Rethinking LLM Bias Probing Using Lessons from the Social Sciences
Kirsten N. Morehouse, Siddharth Swaroop, Weiwei Pan
TL;DR
The paper tackles the challenges of bias probing in large language models by proposing EcoLevels, a framework that uses ecological validity and abstraction level to select and interpret probes. Grounded in social science theory, it surveys human-bias research and existing probes, and demonstrates how to apply EcoLevels to gender-occupation bias to reveal boundary conditions and generalization considerations. It argues for translating domain knowledge from psychology to ML contexts, addresses conflicting results across probes, and advocates for standardized reporting and no-lose experimental designs. The work aims to improve rigor, comparability, and real-world relevance in LLM bias research, guiding the next generation of bias probes and interpretable mitigation strategies.
Abstract
The proliferation of LLM bias probes introduces three significant challenges: (1) we lack principled criteria for choosing appropriate probes, (2) we lack a system for reconciling conflicting results across probes, and (3) we lack formal frameworks for reasoning about when (and why) probe results will generalize to real user behavior.
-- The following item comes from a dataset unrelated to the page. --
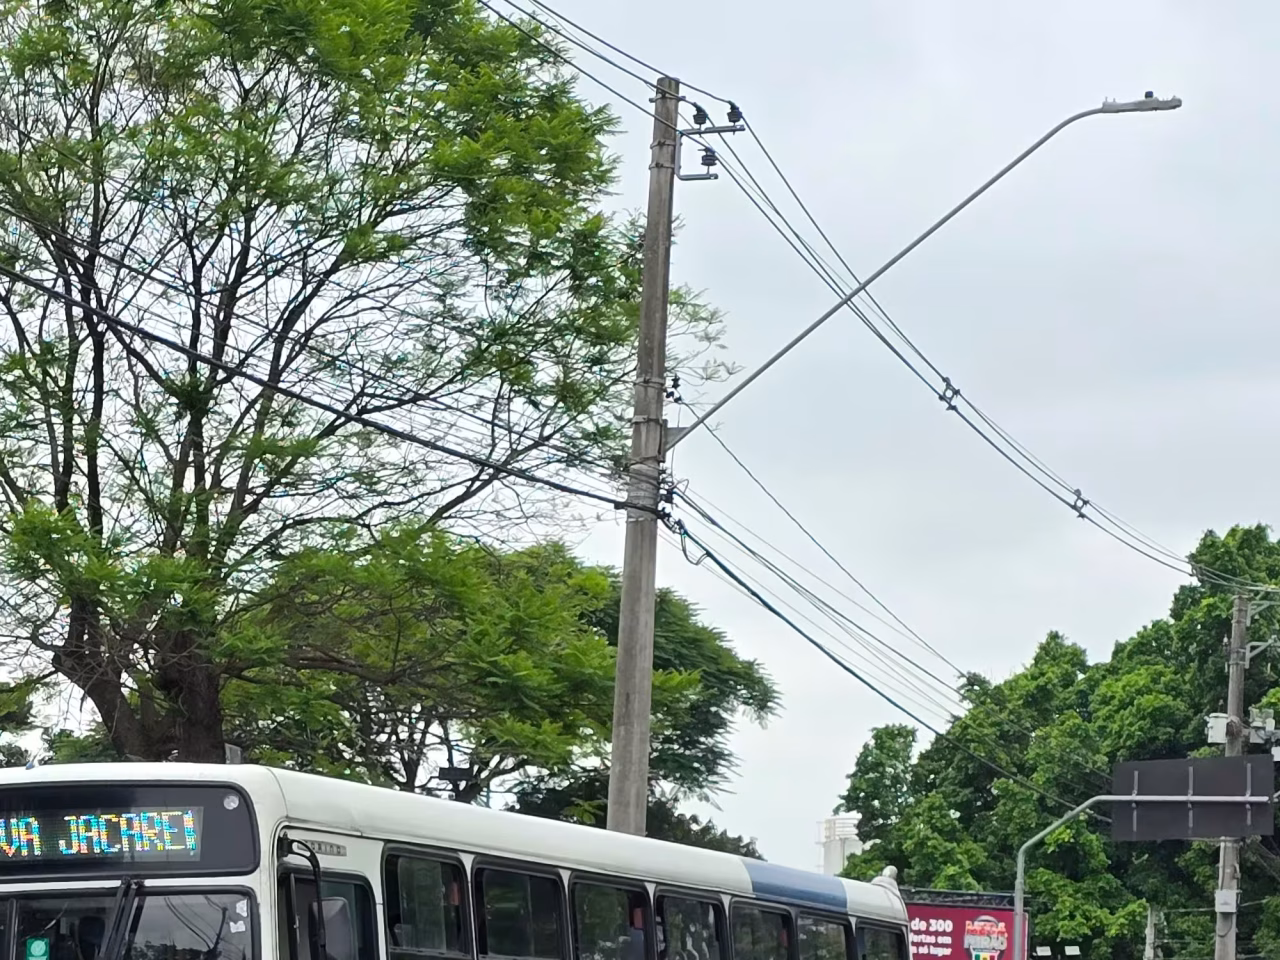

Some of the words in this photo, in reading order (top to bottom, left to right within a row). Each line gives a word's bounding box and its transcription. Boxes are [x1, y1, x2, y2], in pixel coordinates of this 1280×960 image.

[910, 917, 927, 931] de
[929, 919, 953, 932] 300
[937, 936, 952, 944] em
We address these challenges by systematizing LLM social bias probing using actionable insights from social sciences. We then introduce EcoLevels - a framework that helps (a) determine appropriate bias probes, (b) reconcile conflicting findings across probes, and (c) generate predictions about bias generalization. Overall, we ground our analysis in social science research because many LLM probes are direct applications of human probes, and these fields have faced similar challenges when studying social bias in humans. Based on our work, we suggest how the next generation of LLM bias probing can (and should) benefit from decades of social science research.